Conversely, in the liberalised German market, implementation is contingent upon managing external competitive constraints. Because of strict data protection mandates and the need to protect competitive advantage, deep commercial integration is structurally prohibited. The GFIM is successfully adapted here by routing collaboration through neutral external governance (such as the HHM Association) focusing on functional service assurance while maintaining competitive autonomy.

Finally, the study provides two crucial theoretical extensions:

  • The formal inclusion of environmental sustainability as a mandatory core pillar to meet global ESG demands.
  • The recognition that certain traditional marketing mix (7Ps) elements (specifically Product and/or Service, Place, People and Process) remain foundational CVPs that must be seamlessly fused with modern constructs to achieve true customer-centricity.

The resulting framework and context-specific roadmaps provide actionable guidance for decision-makers, ensuring that integrated marketing is not merely a theoretical ideal but a practical tool for survival in the evolving global logistics economy.

Acknowledgements

This article is based on research originally conducted as part of Chuma Myoli’s dissertation titled ‘Integrated Marketing Strategies between Container Seaports and their Complementary Dry Ports: A Contingency Framework for selected ports in South Africa and Germany’, submitted to the Business and Economic Sciences Faculty, Nelson Mandela University Business School in 2025. The dissertation is currently unpublished and not publicly available. The dissertation was supervised by Kai Uwe-Wellner and co-supervised by Nomtha Hadi. The dissertation was reworked, revised and adapted into a journal article for publication. The authors confirm that the content has not been previously published or disseminated and complies with ethical standards for original publication.

Competing interests

The authors declare that they have no financial or personal relationships that may have inappropriately influenced them in writing this article.

CRediT authorship contribution

Chuma Myoli: Conceptualisation, Data curation, Formal analysis, Investigation, Methodology, Project administration, Software, Validation, Writing – original draft, Writing – review & editing. Kai U. Wellner: Conceptualisation, Funding Acquisition, Project administration, Supervision, Writing – review & editing. Nomtha Hadi: Conceptualisation, Funding Acquisition, Project administration, Supervision, Writing – review & editing.
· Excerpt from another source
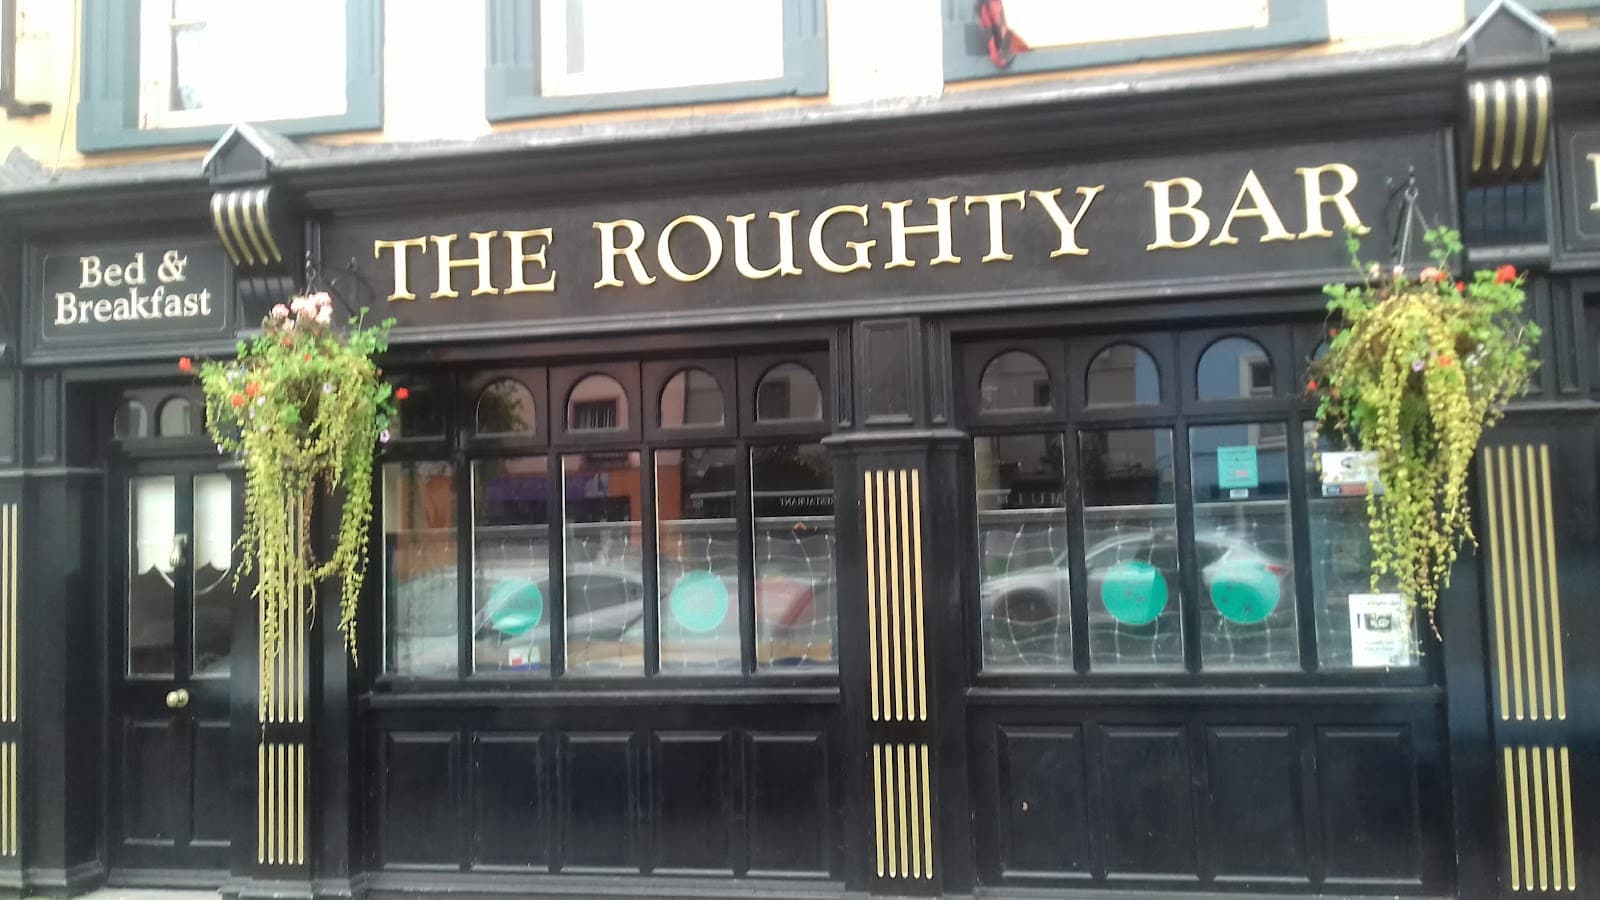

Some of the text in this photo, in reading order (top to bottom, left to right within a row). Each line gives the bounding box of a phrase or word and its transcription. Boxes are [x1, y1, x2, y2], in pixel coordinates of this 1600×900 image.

[374, 162, 1372, 302] THE ROUGHTY BAR
[79, 250, 188, 289] Bed &
[54, 286, 212, 326] Breakfast
All authors reviewed the article, contributed to the discussion of results, approved the final version for submission and publication, and take responsibility for the integrity of its findings.

Ethical considerations

Ethical clearance to conduct this study was obtained from Nelson Mandela University and the Human Research Ethics Committee (No. 1675).

Funding information

This research received funding from the German Academic Exchange Service (DAAD).

Data availability

The primary qualitative data are stored on a password-protected computer and securely archived at the university for 10 years, as per ethical requirements. However, the data may be made available upon reasonable request from the corresponding author, subject to strict confidentiality protocols and approval from the relevant institutional ethics committees.

Disclaimer

The views and opinions expressed in this article are those of the authors and are the product of professional research. They do not necessarily reflect the official policy or position of any affiliated institution, funder, agency or the publisher. The authors are responsible for this article’s results, findings and content.